ENTRIES SUPPLIED

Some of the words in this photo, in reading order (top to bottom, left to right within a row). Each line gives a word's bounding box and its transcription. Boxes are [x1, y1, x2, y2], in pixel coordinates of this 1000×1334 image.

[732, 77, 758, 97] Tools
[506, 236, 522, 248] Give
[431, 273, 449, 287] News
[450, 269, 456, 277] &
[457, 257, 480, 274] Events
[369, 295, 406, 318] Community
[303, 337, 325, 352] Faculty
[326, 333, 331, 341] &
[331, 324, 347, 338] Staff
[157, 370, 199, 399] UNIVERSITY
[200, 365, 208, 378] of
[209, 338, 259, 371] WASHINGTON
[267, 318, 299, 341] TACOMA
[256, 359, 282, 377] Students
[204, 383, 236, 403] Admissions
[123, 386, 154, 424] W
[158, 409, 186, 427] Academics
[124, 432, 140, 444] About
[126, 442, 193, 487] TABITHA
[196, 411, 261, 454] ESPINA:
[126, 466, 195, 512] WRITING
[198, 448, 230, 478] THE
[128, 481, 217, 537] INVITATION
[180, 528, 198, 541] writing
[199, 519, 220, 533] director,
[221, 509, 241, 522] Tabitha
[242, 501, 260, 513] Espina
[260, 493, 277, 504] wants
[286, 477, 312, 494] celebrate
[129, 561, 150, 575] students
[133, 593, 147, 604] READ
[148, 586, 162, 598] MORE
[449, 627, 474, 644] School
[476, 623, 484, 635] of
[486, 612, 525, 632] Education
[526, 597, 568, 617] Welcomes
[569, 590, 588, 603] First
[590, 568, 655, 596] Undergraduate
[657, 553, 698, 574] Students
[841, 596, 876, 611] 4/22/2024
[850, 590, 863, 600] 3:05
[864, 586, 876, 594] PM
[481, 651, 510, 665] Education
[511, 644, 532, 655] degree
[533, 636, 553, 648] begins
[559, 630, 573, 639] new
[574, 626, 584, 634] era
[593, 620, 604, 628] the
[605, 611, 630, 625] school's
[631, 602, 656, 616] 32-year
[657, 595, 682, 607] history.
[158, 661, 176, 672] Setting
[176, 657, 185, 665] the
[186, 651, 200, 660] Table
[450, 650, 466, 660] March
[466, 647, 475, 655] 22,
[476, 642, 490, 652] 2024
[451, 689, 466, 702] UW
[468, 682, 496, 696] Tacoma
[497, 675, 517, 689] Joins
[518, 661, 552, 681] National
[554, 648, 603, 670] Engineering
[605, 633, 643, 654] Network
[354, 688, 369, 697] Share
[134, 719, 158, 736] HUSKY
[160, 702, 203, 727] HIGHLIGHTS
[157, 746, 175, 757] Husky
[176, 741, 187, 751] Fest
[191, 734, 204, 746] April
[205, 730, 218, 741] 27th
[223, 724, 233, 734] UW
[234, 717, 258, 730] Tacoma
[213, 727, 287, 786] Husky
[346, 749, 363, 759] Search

AIM OF THE TASK
Your job is to output all of the material exactly.

ANSWER FOR THE TASK
Some of the words in this photo, in reading order (top to bottom, left to right within a row). Each line gives a word's bounding box and its transcription. Boxes are [x1, y1, x2, y2], in pixel coordinates of this 1000×1334 image.

[732, 77, 758, 97] Tools
[506, 236, 522, 248] Give
[431, 273, 449, 287] News
[450, 269, 456, 277] &
[457, 257, 480, 274] Events
[369, 295, 406, 318] Community
[303, 337, 325, 352] Faculty
[326, 333, 331, 341] &
[331, 324, 347, 338] Staff
[157, 370, 199, 399] UNIVERSITY
[200, 365, 208, 378] of
[209, 338, 259, 371] WASHINGTON
[267, 318, 299, 341] TACOMA
[256, 359, 282, 377] Students
[204, 383, 236, 403] Admissions
[123, 386, 154, 424] W
[158, 409, 186, 427] Academics
[124, 432, 140, 444] About
[126, 442, 193, 487] TABITHA
[196, 411, 261, 454] ESPINA:
[126, 466, 195, 512] WRITING
[198, 448, 230, 478] THE
[128, 481, 217, 537] INVITATION
[180, 528, 198, 541] writing
[199, 519, 220, 533] director,
[221, 509, 241, 522] Tabitha
[242, 501, 260, 513] Espina
[260, 493, 277, 504] wants
[286, 477, 312, 494] celebrate
[129, 561, 150, 575] students
[133, 593, 147, 604] READ
[148, 586, 162, 598] MORE
[449, 627, 474, 644] School
[476, 623, 484, 635] of
[486, 612, 525, 632] Education
[526, 597, 568, 617] Welcomes
[569, 590, 588, 603] First
[590, 568, 655, 596] Undergraduate
[657, 553, 698, 574] Students
[841, 596, 876, 611] 4/22/2024
[850, 590, 863, 600] 3:05
[864, 586, 876, 594] PM
[481, 651, 510, 665] Education
[511, 644, 532, 655] degree
[533, 636, 553, 648] begins
[559, 630, 573, 639] new
[574, 626, 584, 634] era
[593, 620, 604, 628] the
[605, 611, 630, 625] school's
[631, 602, 656, 616] 32-year
[657, 595, 682, 607] history.
[158, 661, 176, 672] Setting
[176, 657, 185, 665] the
[186, 651, 200, 660] Table
[450, 650, 466, 660] March
[466, 647, 475, 655] 22,
[476, 642, 490, 652] 2024
[451, 689, 466, 702] UW
[468, 682, 496, 696] Tacoma
[497, 675, 517, 689] Joins
[518, 661, 552, 681] National
[554, 648, 603, 670] Engineering
[605, 633, 643, 654] Network
[354, 688, 369, 697] Share
[134, 719, 158, 736] HUSKY
[160, 702, 203, 727] HIGHLIGHTS
[157, 746, 175, 757] Husky
[176, 741, 187, 751] Fest
[191, 734, 204, 746] April
[205, 730, 218, 741] 27th
[223, 724, 233, 734] UW
[234, 717, 258, 730] Tacoma
[213, 727, 287, 786] Husky
[346, 749, 363, 759] Search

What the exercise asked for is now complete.